I am convinced that the solution to these problems has to include well-defined Acceptance Tests, and like anything else, practice makes perfect, so let us start today.

The Cheque

Johnny’s goal is, of course, the cheque, but Johnny won’t get the cheque until the CEO is convinced that the CEO’s goal has been reached.

Hence Johnny’s first task is to clarify the goal.

Which mountain (spatial) of all the mountains encompassed in the CEO’s wave of a hand?

By when (date/time)?

Within what budget (numeric)?

Johnny needs to get written down (“If it ain’t written down, it don’t exist”) a formal specification of The Goal in a format that the CEO can understand.
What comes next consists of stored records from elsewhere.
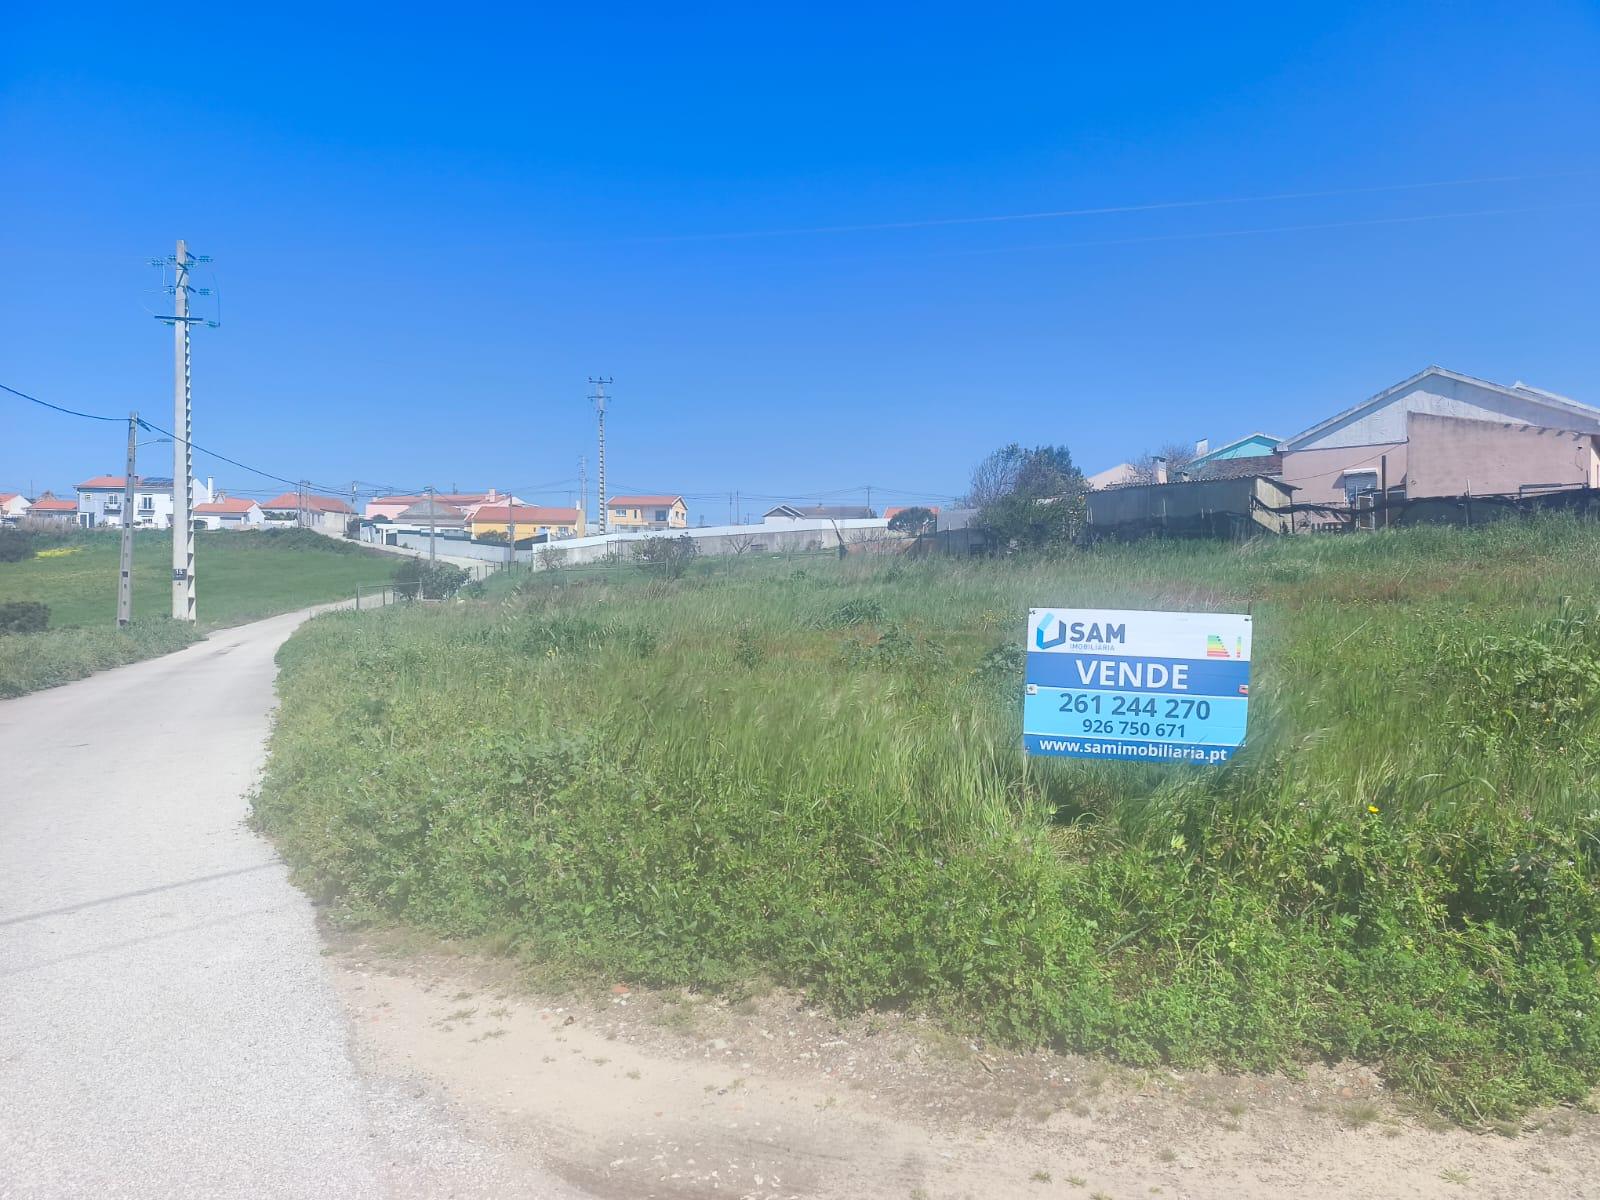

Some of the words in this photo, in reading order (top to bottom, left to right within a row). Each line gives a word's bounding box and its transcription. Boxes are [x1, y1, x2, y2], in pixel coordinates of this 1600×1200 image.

[1069, 622, 1126, 644] SAM
[1075, 659, 1189, 690] VENDE
[1059, 692, 1101, 714] 261
[1112, 695, 1157, 718] 244
[1165, 699, 1210, 720] 270
[1082, 718, 1113, 734] 926
[1120, 720, 1150, 736] 750
[1155, 722, 1185, 738] 671
[1039, 738, 1227, 764] www.samimobiliaria.pt
For a short project, it is cash-in-advance, or a 50% deposit, to be sure. For longer projects it is pay-as-you-go, which is why we have Deliverables.

Pause, and think of the last time you handed over a cheque and weren’t happy about it.

I bet that The Cheque was not congruent to The Goal. (Free lunch at The Montreal Deli if you can prove me wrong).

I’ll go further and bet that The Goal did not have sufficient quantifiers of sufficient quality to support a cheque.

When was the last time you did not get paid?

I bet that you had no way of measuring your success against stated quantifiers in The Goal.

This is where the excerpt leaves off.